COURT OF APPEALS

                DECISION

   DATED AND RELEASED

 

          September 26, 1996

 

 

 

 

                  NOTICE

 

A party may file with the Supreme Court a petition to review an adverse decision by the Court of Appeals.  See § 808.10 and Rule 809.62, Stats.

This opinion is subject to further editing.  If published, the official version will appear in the bound volume of the Official Reports.

 

 

 

 

No.  95-2805-CR

 

STATE OF WISCONSIN               IN COURT OF APPEALS

     DISTRICT IV           

                                                                                                                       

STATE OF WISCONSIN,

 

                                                            Plaintiff-Respondent,

 

                        v.

 

SERSHAWN C. NICHOLSON,

 

                                                            Defendant-Appellant.

                                                                                                                      

 

 

                        APPEAL from a judgment and an order of the circuit court for Dane County:  JACK F. AULIK, Judge.  Affirmed.

                        Before Eich, C.J., Dykman, P.J., and Paul C. Gartzke, Reserve Judge.

                        PER CURIAM.   Sershawn C. Nicholson pled guilty to possession of a controlled substance (cocaine base) with intent to deliver.  Prior to Nicholson's plea, the trial court denied his motion to suppress because Nicholson did not have a reasonable expectation of privacy in the premises from which the evidence was seized. 

                        On appeal, Nicholson argues that he received ineffective assistance of counsel at the suppression hearing.  At a Machner[1] hearing, Nicholson presented the evidence that he felt should have been introduced at the suppression hearing.  Because that evidence does not support a finding that Nicholson had a reasonable expectation of privacy in the premises, he has not established prejudice.  Therefore, we affirm the judgment of conviction and postconviction order.

           FACTS

                        On September 9, 1994, police conducted a "knock and talk" raid at a Madison apartment that they suspected was being used for drug trafficking.  Nicholson was in the apartment and had several baggies of cocaine base on or near his person.  Nicholson told a detective that he had entered the apartment shortly before police arrived to use the telephone.  Nicholson told police that he had been in the apartment on other occasions to use the telephone or bathroom.

                        The apartment was leased to Sherry Kraus and Marvin Hill.  At the suppression hearing, a detective testified that Kraus had told her that uninvited persons had been using the apartment to sell drugs.  At the postconviction hearing, however, both Kraus and Hill testified that Nicholson had asked and was given permission to use the telephone that evening.  Hill also testified that on other occasions, Nicholson "would always ask to come in.  He's never just barged in or anything like that or opened the door and walked in or anything like that.  He's always knocked and asked permission to come in."

   INEFFECTIVE ASSISTANCE OF COUNSEL

                        A defendant claiming denial of the effective assistance of counsel must establish both that counsel's performance was deficient and that the defendant was prejudiced by the deficient performance.  State v.

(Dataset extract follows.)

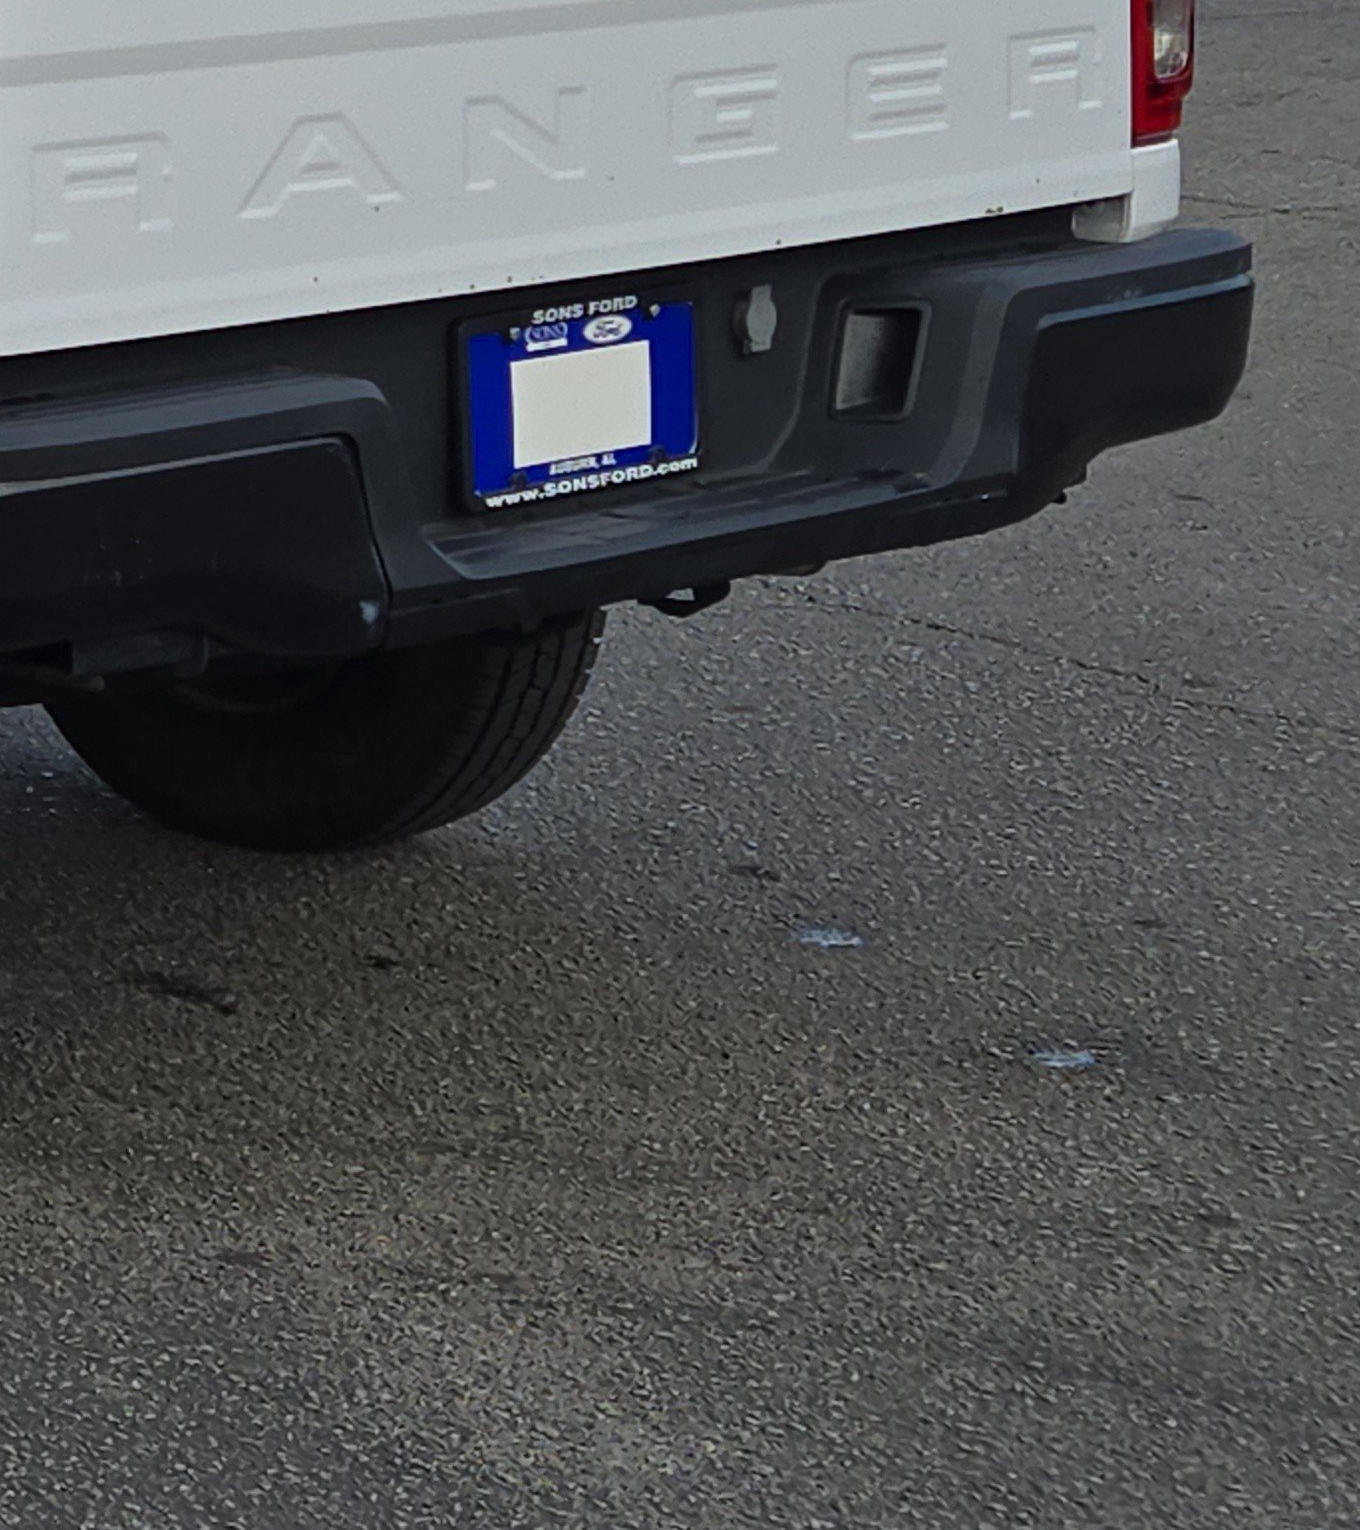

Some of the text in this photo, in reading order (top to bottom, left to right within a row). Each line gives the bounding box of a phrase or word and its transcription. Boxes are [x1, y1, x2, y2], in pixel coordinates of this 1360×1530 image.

[31, 25, 1104, 244] RANGER
[531, 295, 638, 325] SONS FORD
[485, 457, 698, 508] www.SONSFORD.com

Teynor, 141 Wis.2d 187, 209, 414 N.W.2d 76, 84 (Ct. App. 1987).  Whether a deficient performance was prejudicial to the defendant is question of law.  Id. at 210, 414 N.W.2d at 84.  Prejudice is shown when there is a "reasonable probability that, but for counsel's unprofessional errors, the result of the proceeding would have been different.  A reasonable probability is a probability sufficient to undermine confidence in the outcome."  State v. Harvey, 139 Wis.2d 353, 375, 407 N.W.2d 235, 245 (1987) (quoting Strickland v. Washington, 466 U.S. 668, 694 (1984)).

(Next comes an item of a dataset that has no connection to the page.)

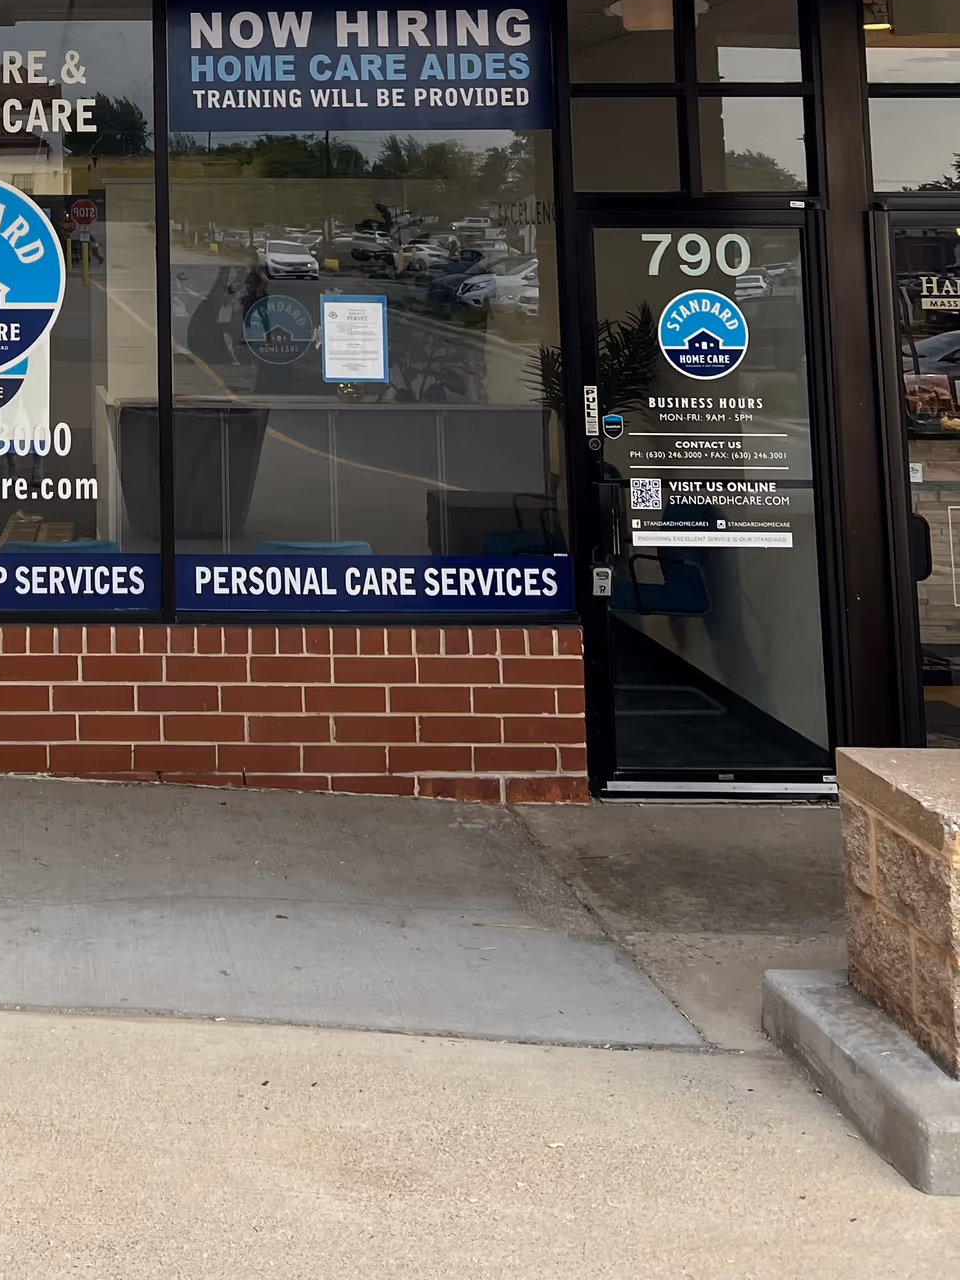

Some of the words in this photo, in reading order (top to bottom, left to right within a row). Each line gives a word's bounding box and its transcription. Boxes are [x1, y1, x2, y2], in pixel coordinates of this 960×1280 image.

                        Nicholson contends that his trial counsel was ineffective for not calling Kraus and Hill to testify at the suppression hearing.  Underlying the contention is Nicholson's belief that their testimony that he was in the apartment with their permission would have led the court to conclude that he had a reasonable expectation of privacy in the premises, and thus could challenge the subsequent search and seizure.

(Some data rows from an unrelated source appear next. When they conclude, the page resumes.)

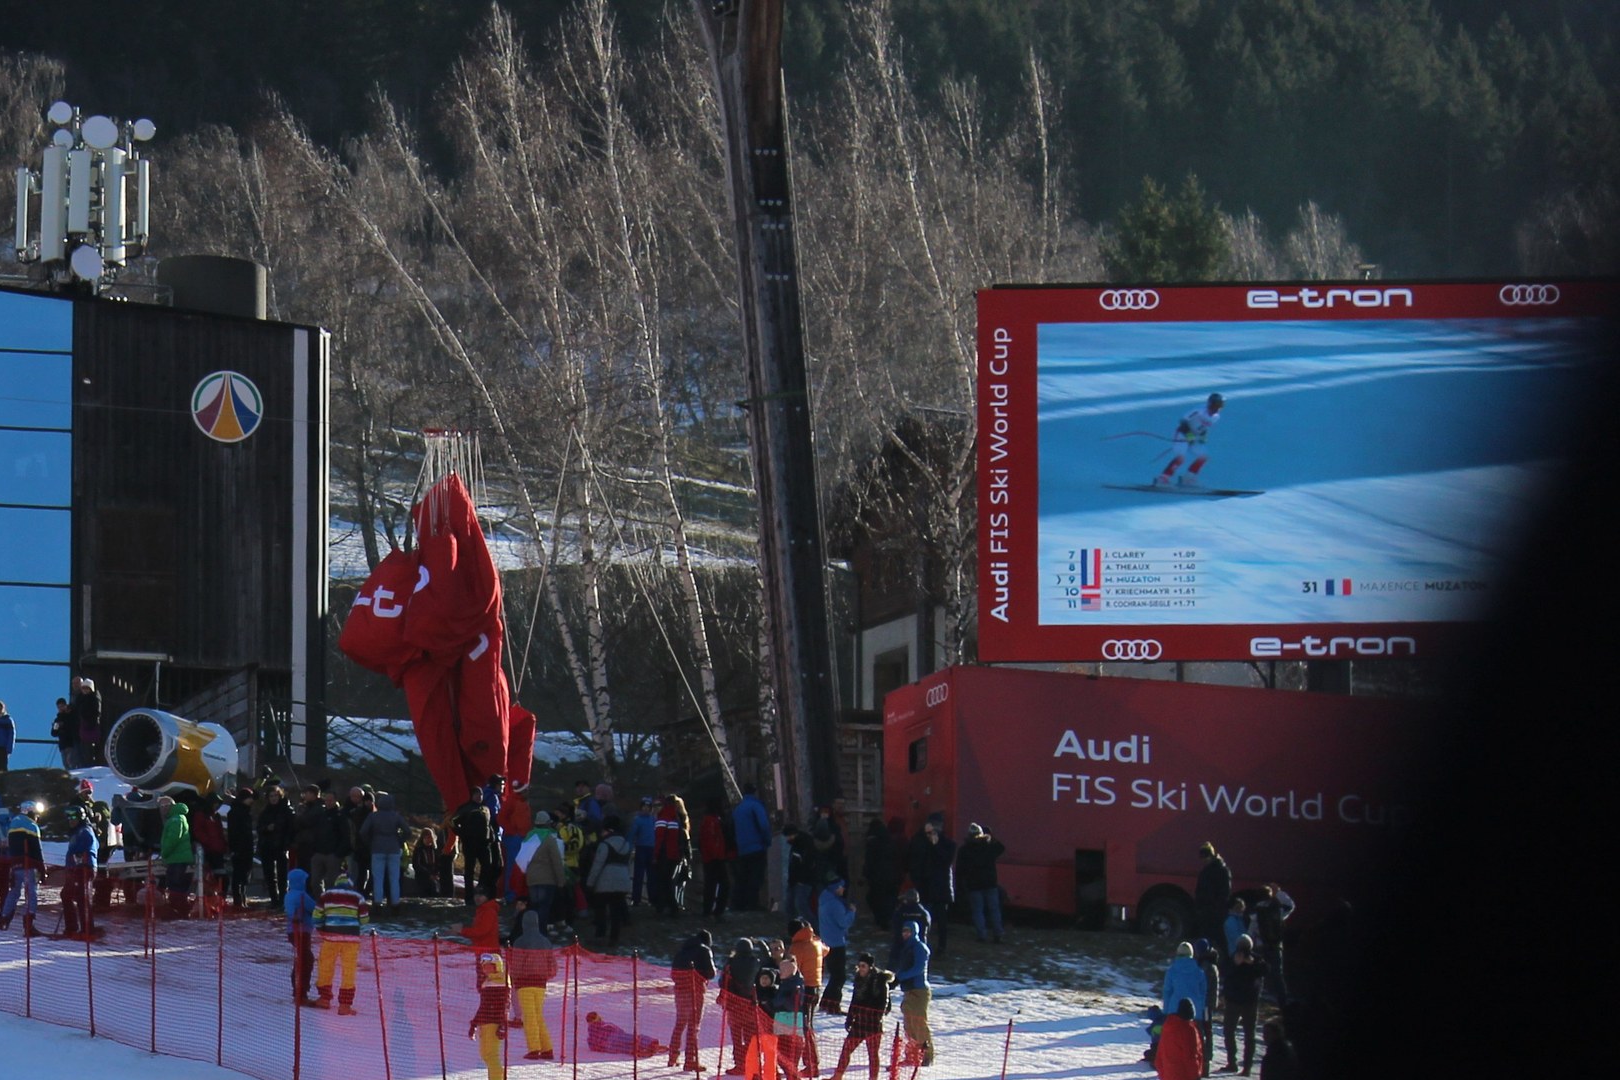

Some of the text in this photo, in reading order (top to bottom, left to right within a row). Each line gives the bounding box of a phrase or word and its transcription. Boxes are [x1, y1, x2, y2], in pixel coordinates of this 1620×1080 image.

[1247, 287, 1413, 308] e-tron
[990, 327, 1012, 623] Audi FIS Ski World Cup
[1065, 587, 1079, 596] 10
[1302, 581, 1318, 593] 31
[1360, 581, 1420, 592] MAXENCE
[1068, 600, 1077, 608] 11
[1250, 635, 1416, 656] e-tron
[1053, 729, 1150, 764] Audi
[1051, 773, 1117, 806] FIS
[1130, 778, 1187, 811] Ski
[1198, 784, 1323, 821] World

                        A person has a reasonable or legitimate expectation of privacy when (1) the individual has "exhibited an actual (subjective) expectation of privacy" and (2) the "expectation of privacy is legitimate or justifiable in that it is one that society is willing to recognize as reasonable."  State v. West, 185 Wis.2d 68, 89, 517 N.W.2d 482, 489, cert. denied, 115 S. Ct. 375 (1994).  Factors relevant to the determination of whether society is willing to recognize an expectation of privacy as reasonable include:

[w]hether one has a property interest in the premises, whether one was legitimately on the premises, whether one has complete dominion and control and the right to exclude others, whether one took precautions those seeking privacy take, whether one put the property to some private use, and whether the privacy claim is consistent with historical notions of privacy.

Id. at 90, 517 N.W.2d at 490.

                        Nicholson satisfies none of those factors.  Although Nicholson arguably was in the apartment with permission, he had no property interest in the apartment or dominion and control over the apartment.  Nicholson's presence in the apartment was temporary and transient—he was there merely to use the telephone.  Nicholson's claimed expectation of privacy under these circumstances borders on the absurd.

                        Nicholson relies on Minnesota v. Olson, 495 U.S. 91 (1990), in which the Supreme Court held that an overnight guest had a reasonable expectation of privacy in the premises.  Id. at 99-100.  However, nothing in Olson suggests that an acquaintance who makes an occasional telephone call in the premises would have a similar reasonable expectation of privacy.  Nicholson's reliance on Olson is misplaced.

                        We conclude that Nicholson was not prejudiced by his counsel's performance at the suppression hearing.  Even if counsel had introduced evidence that Nicholson was in the apartment with the lessees' permission, the result of the hearing would not have been different.  Therefore, Nicholson's claim of ineffective assistance of counsel fails.  See State v. Simpson, 185 Wis.2d 772, 784, 519 N.W.2d 662, 666 (Ct. App. 1994) (counsel is not ineffective for not pursuing a suppression motion that would have been denied).

                        By the Court.—Judgment and order affirmed.

                        This opinion will not be published.  See Rule 809.23(1)(b)5, Stats.



     [1]  State v. Machner, 92 Wis.2d 797, 285 N.W.2d 905 (Ct. App. 1979).